Pros:Sadie Jones and I, tender love songs, excellent voice and instrumentation

Cons:only four songs

The Bottom Line: Neil Byrne steps into the spotlight with this solo EP.


Anyone who’s watched one of Celtic Thunder’s DVDs is familiar with dizzyingly talented instrumentalist Neil Byrne, though it’s only in the last few months that he has been highlighted as a lead vocalist alongside George Donaldson, Ryan Kelly, Paul Byrom, Keith Harkin and Damian McGinty. With the group’s last two releases, It’s Entertainment and Celtic Thunder Christmas, Neil has stepped up to do solo and group numbers, while the current tour has him switching off among guitars, drums and vocals. I’m trying to recall if he leaves the stage at any point in the concert; certainly, he’s up there longer than any of the main quintet, and only Brendan Monaghan, who plays a variety of traditional Celtic instruments, comes close to him in terms of showing off his musical diversity.
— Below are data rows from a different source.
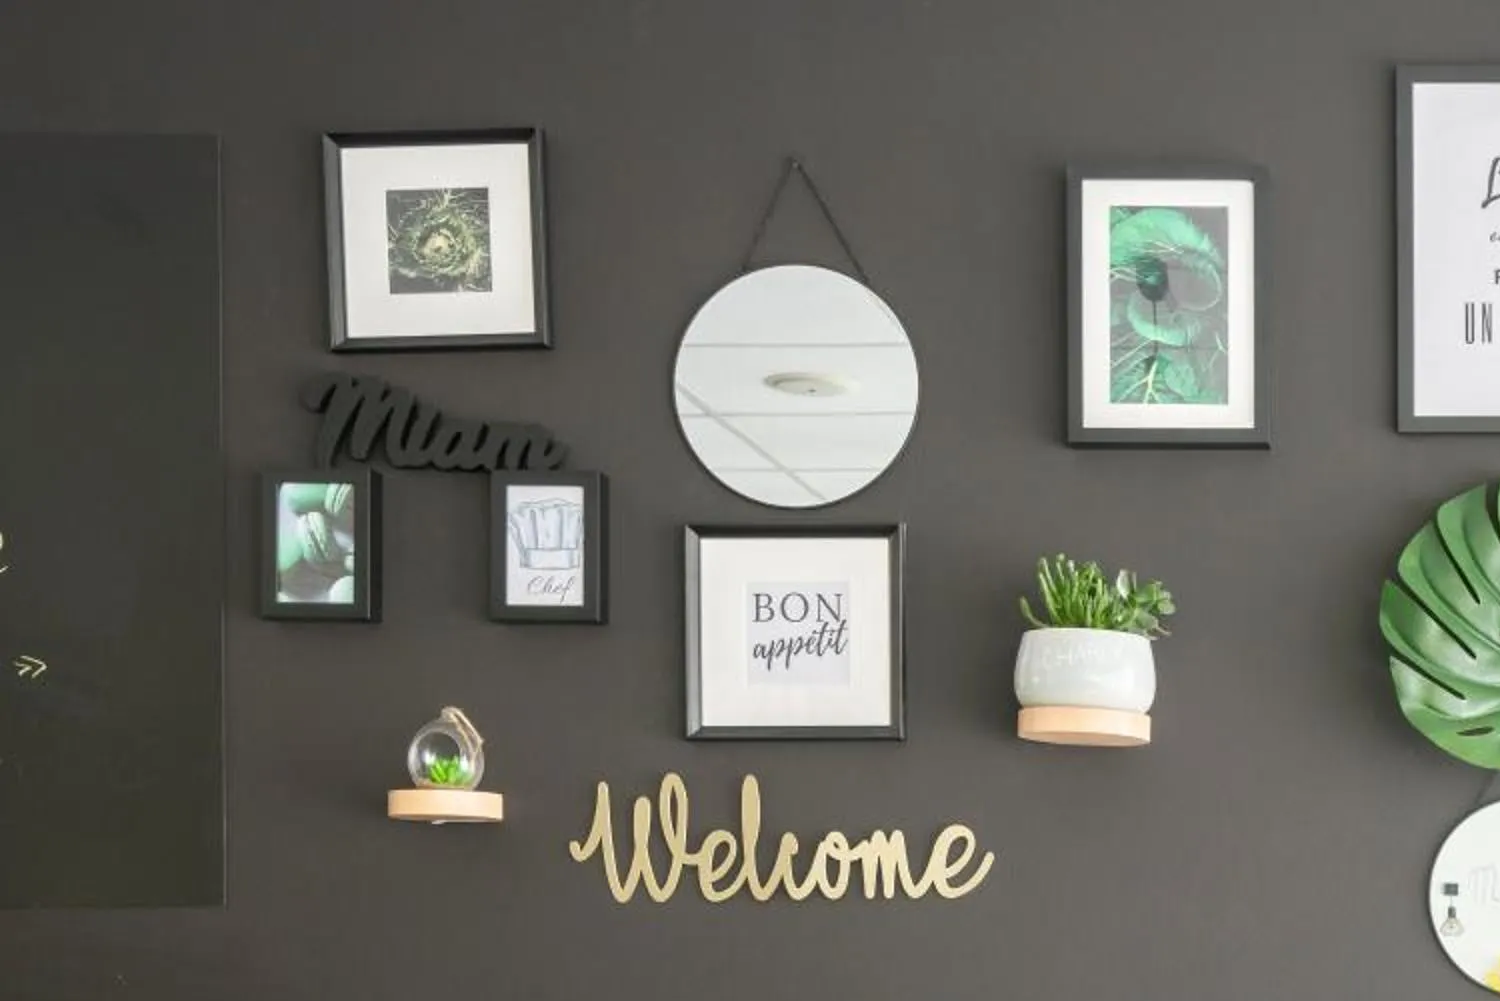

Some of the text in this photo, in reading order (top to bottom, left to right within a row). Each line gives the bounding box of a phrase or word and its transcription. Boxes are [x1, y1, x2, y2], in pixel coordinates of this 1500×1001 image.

[1464, 302, 1494, 344] UN
[300, 371, 569, 470] Miam
[526, 575, 576, 604] Chef
[751, 592, 843, 623] BON
[752, 619, 848, 672] appétit
[569, 772, 995, 904] Welcome
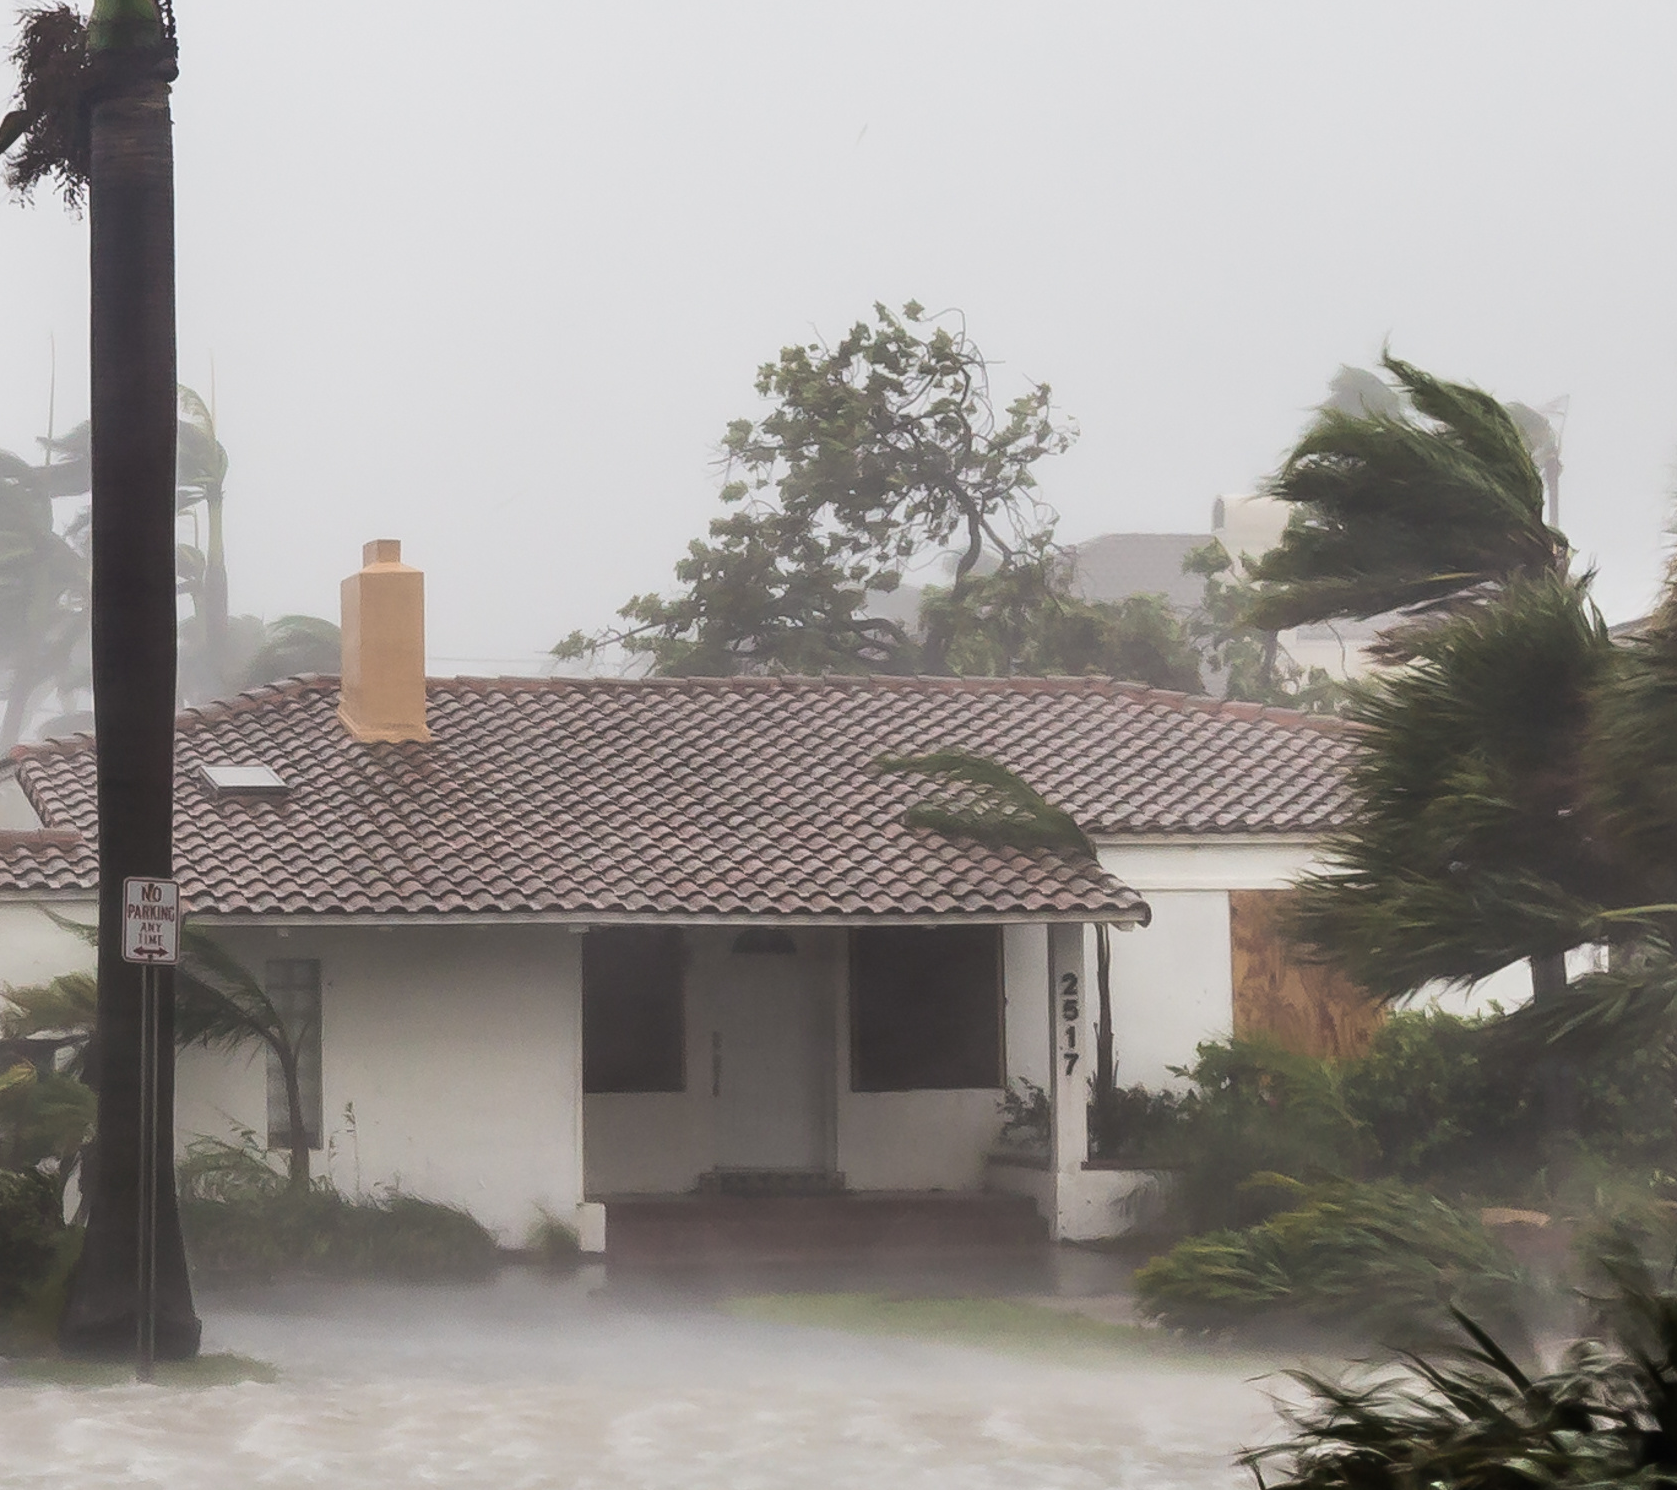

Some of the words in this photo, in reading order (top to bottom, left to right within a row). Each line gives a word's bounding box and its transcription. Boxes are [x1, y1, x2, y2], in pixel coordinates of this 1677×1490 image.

[141, 885, 162, 902] NO
[128, 904, 175, 922] PARKING
[140, 922, 162, 932] ANY
[138, 933, 163, 946] TIME
[1062, 972, 1079, 1076] 2517
When I heard that Neil had an EP out, I was excited. Initially, it was only available to download, but I held out for the physical CD, which I was able to order on the very day that I went to my second Celtic Thunder concert. I’d spoken with Neil very briefly after last year’s concert, and before this year’s, I had the chance for a slightly more leisurely conversation, during which I mentioned that I’d ordered his EP, for which he seemed genuinely grateful. It’s interesting that his first album came out within a month of Ryan’s; like his fellow Celtic Thunder member, Neil projects a sense of palpable excitement that this personal project has been completed and is now out there for the world to enjoy.

I received my copy of Neil’s album six days after I ordered it, which coincidentally was the very day that Ryan’s came out. Sensitive Souls arrived in a padded envelope direct from Ireland, along with a jaunty photograph of Neil perched on a bike, wearing an impish grin and a tweed cap. At this time, you can get the MP3 version of Neil’s album from such sites as Amazon and iTunes, but for the physical album, you need to go to www.neilbyrnemusic.com, where several package deals are offered; just the CD itself costs $8.99, with no additional tax or shipping charges. Although there are only four songs on the CD, this seemed pretty reasonable to me, especially considering the fact that it would have to cross an ocean to get here.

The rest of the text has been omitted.